**Activity**
Every picture is to be removed, and all the data is to be copied exactly.

**Data to use**

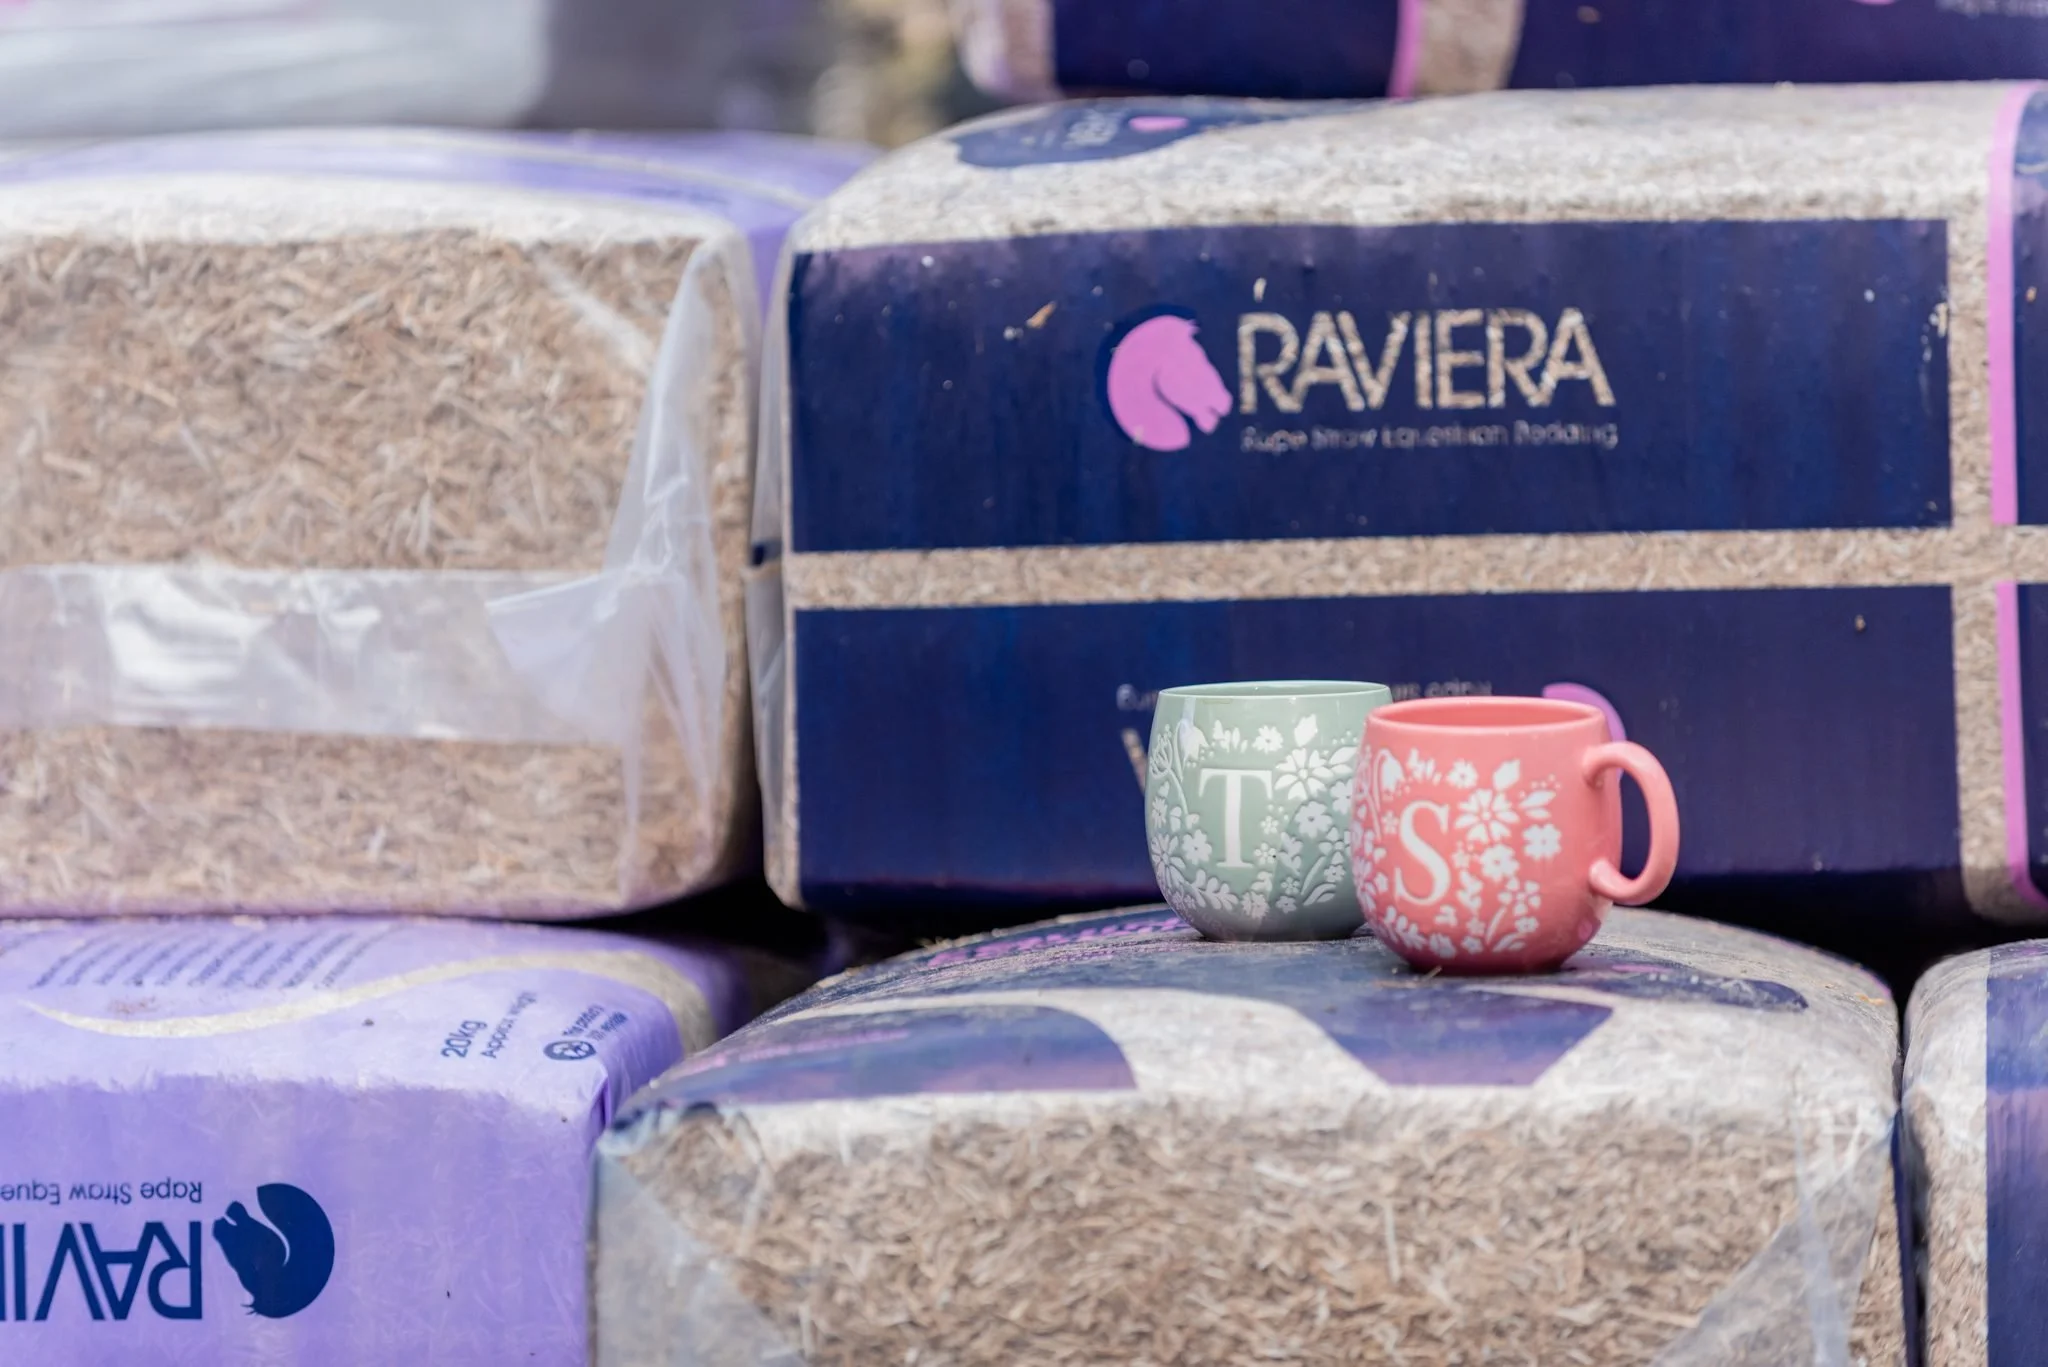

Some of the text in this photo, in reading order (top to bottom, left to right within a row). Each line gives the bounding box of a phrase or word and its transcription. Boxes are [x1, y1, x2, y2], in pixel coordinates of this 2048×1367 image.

[1237, 308, 1616, 414] RAVIERA
[1199, 767, 1273, 868] T
[1395, 799, 1451, 906] S
[440, 1020, 488, 1059] 20kg
[0, 1177, 203, 1206] Rape Straw Eque
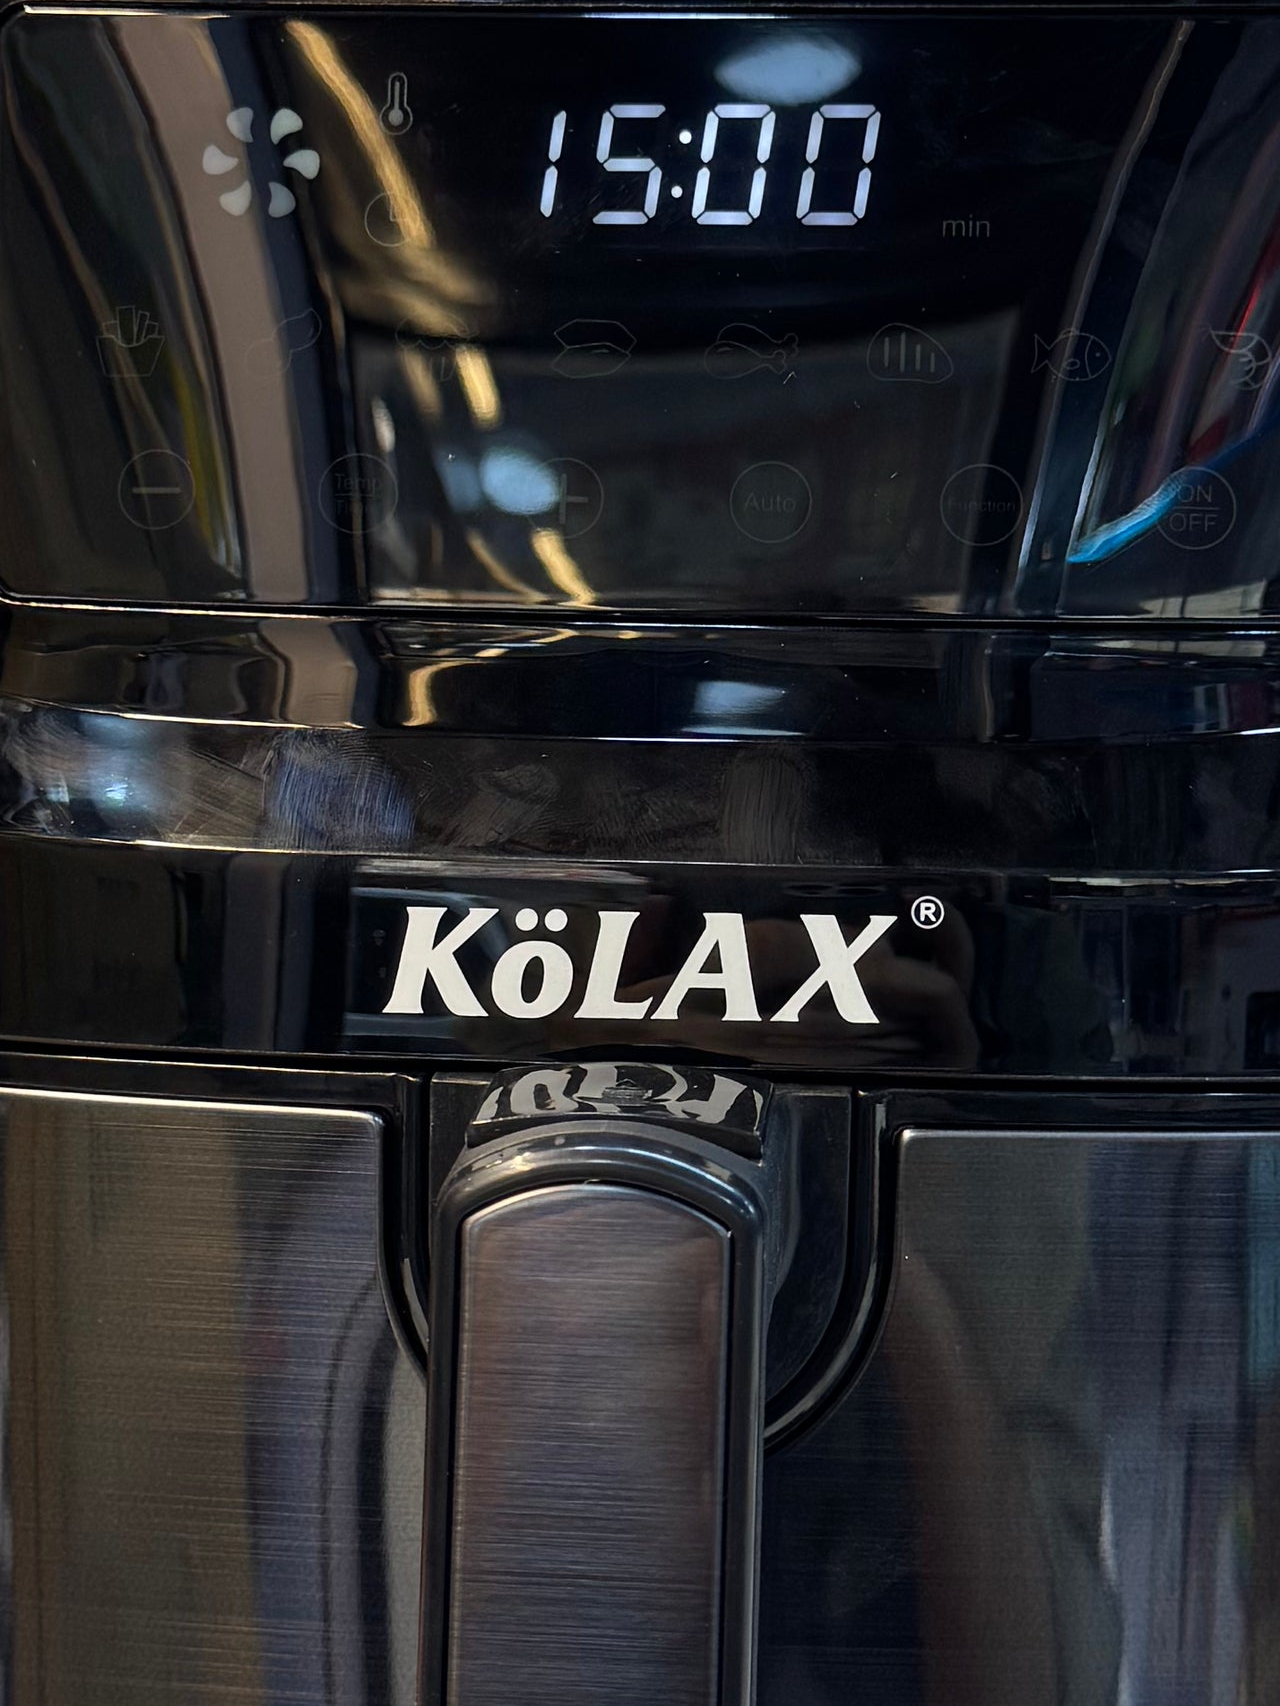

**Answer**
Some of the text in this photo, in reading order (top to bottom, left to right within a row). Each line gives the bounding box of a phrase or word and its transcription. Boxes are [x1, y1, x2, y2], in pixel coordinates of this 2048×1367 image.

[1237, 308, 1616, 414] RAVIERA
[1199, 767, 1273, 868] T
[1395, 799, 1451, 906] S
[440, 1020, 488, 1059] 20kg
[0, 1177, 203, 1206] Rape Straw Eque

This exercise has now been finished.